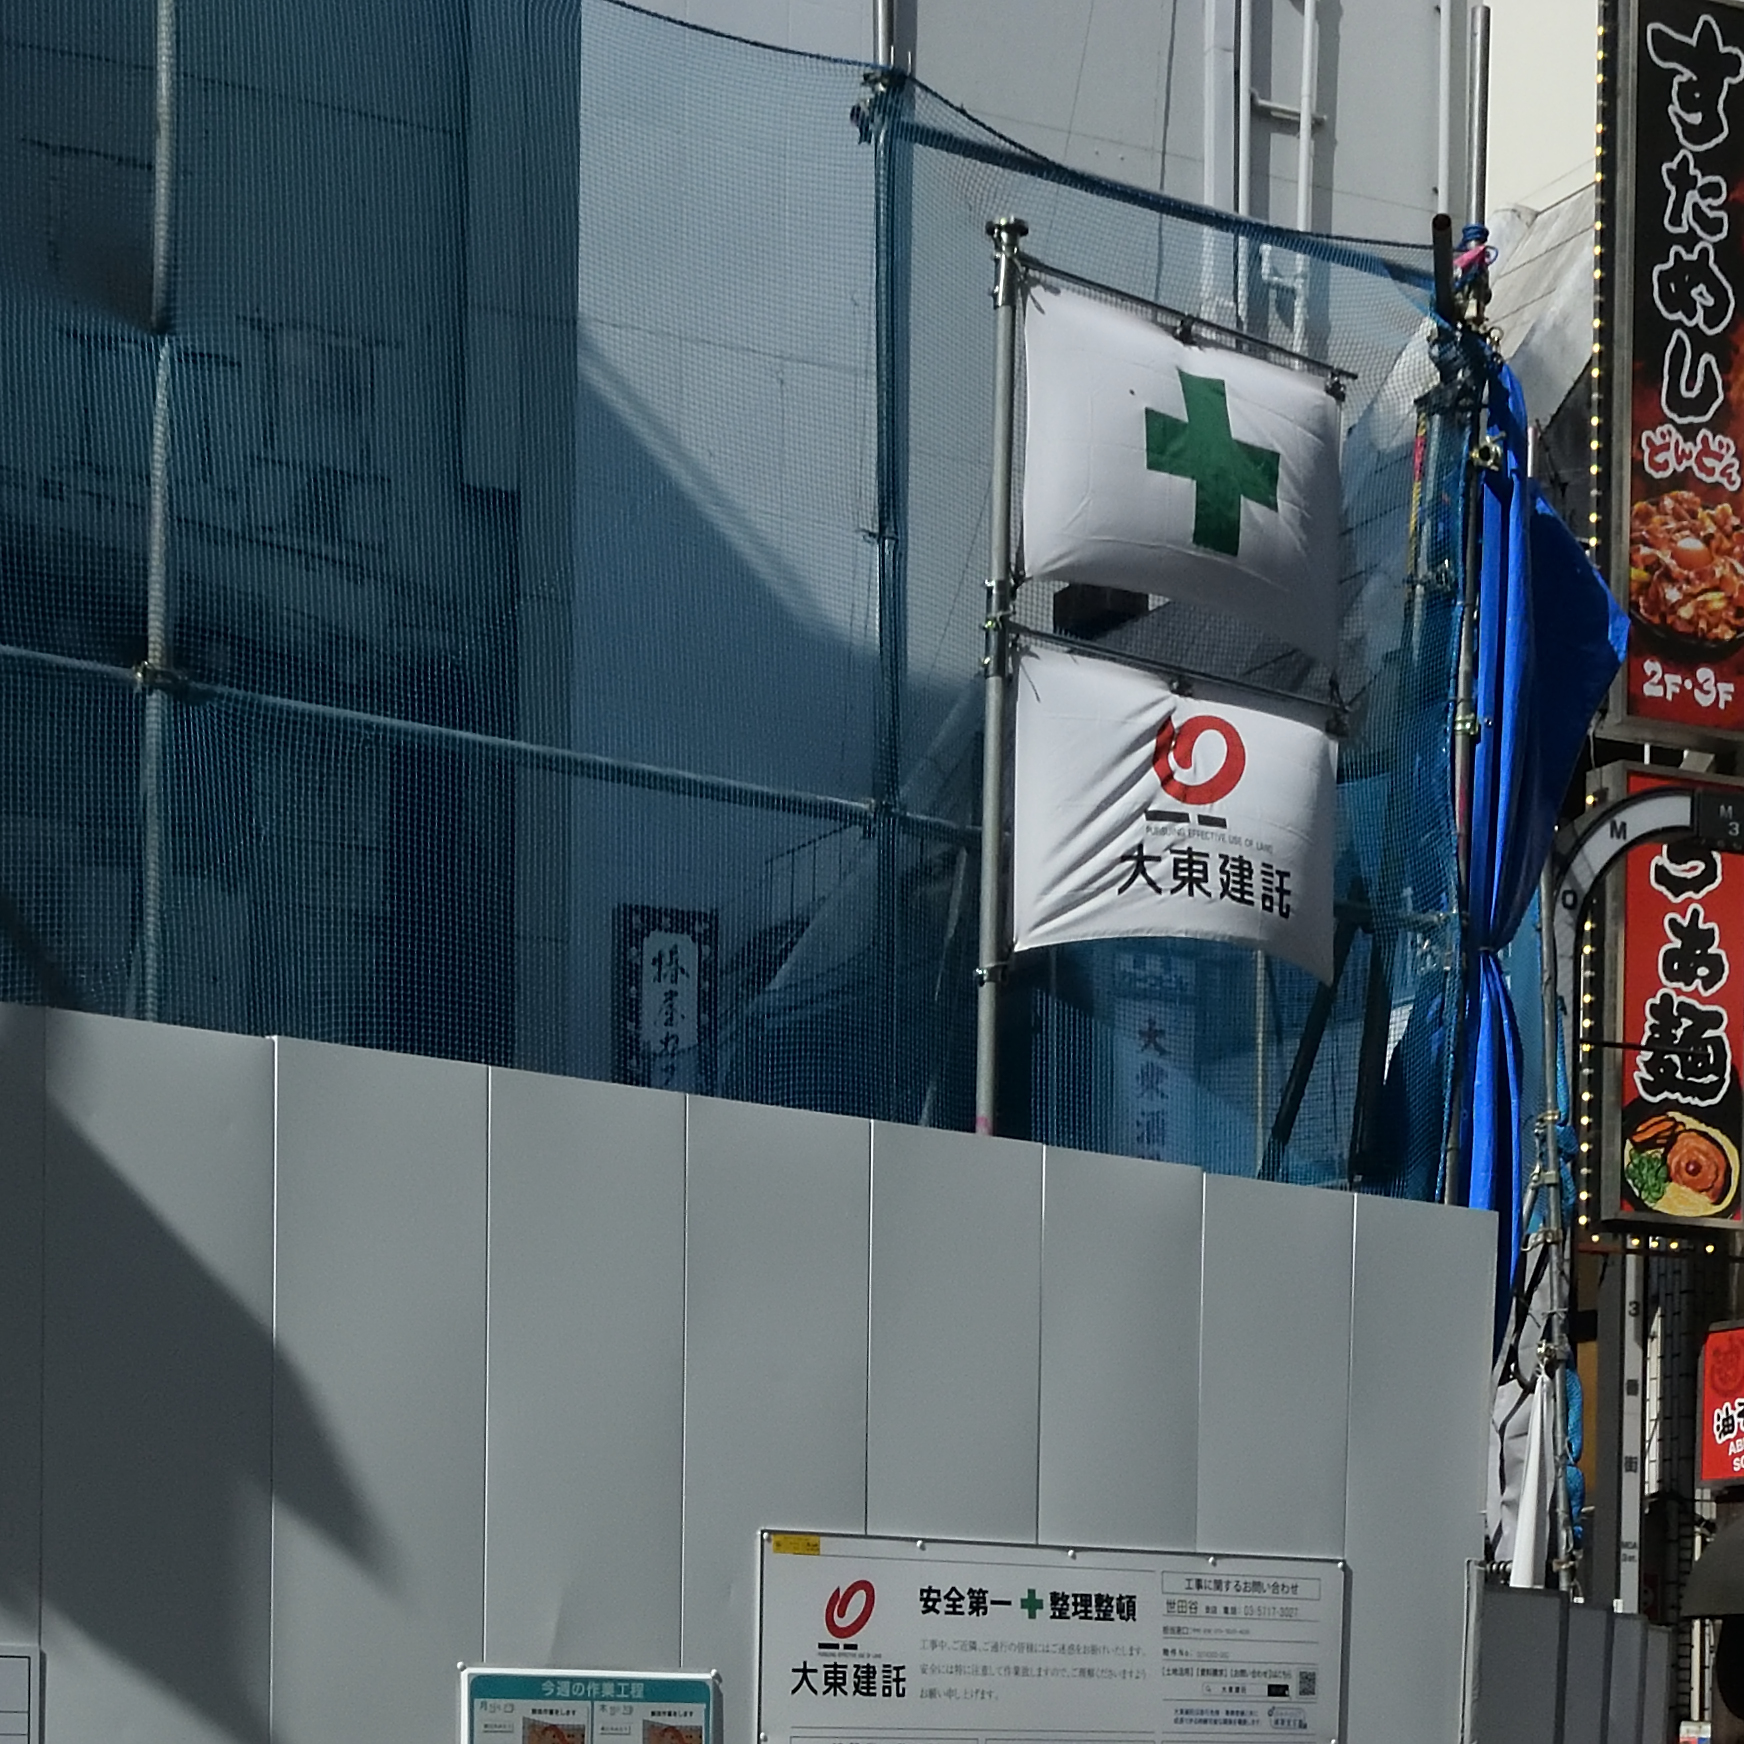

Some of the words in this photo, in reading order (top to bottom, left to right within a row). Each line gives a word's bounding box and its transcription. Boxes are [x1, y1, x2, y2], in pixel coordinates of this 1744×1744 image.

[1117, 841, 1293, 922] 大東建託
[1184, 1577, 1300, 1596] 工事に関するお問い合わせ
[919, 1584, 1014, 1618] 安全第一
[1048, 1590, 1138, 1623] 整理整頓
[1166, 1599, 1199, 1615] 世田谷
[541, 1679, 645, 1699] 今週の作業工程
[790, 1660, 908, 1698] 大東建託

------

> [ACTIVITY]:
Copy all the material above exactly, but skip each image.

> [FINAL ANSWER]:
Some of the words in this photo, in reading order (top to bottom, left to right within a row). Each line gives a word's bounding box and its transcription. Boxes are [x1, y1, x2, y2], in pixel coordinates of this 1744×1744 image.

[1117, 841, 1293, 922] 大東建託
[1184, 1577, 1300, 1596] 工事に関するお問い合わせ
[919, 1584, 1014, 1618] 安全第一
[1048, 1590, 1138, 1623] 整理整頓
[1166, 1599, 1199, 1615] 世田谷
[541, 1679, 645, 1699] 今週の作業工程
[790, 1660, 908, 1698] 大東建託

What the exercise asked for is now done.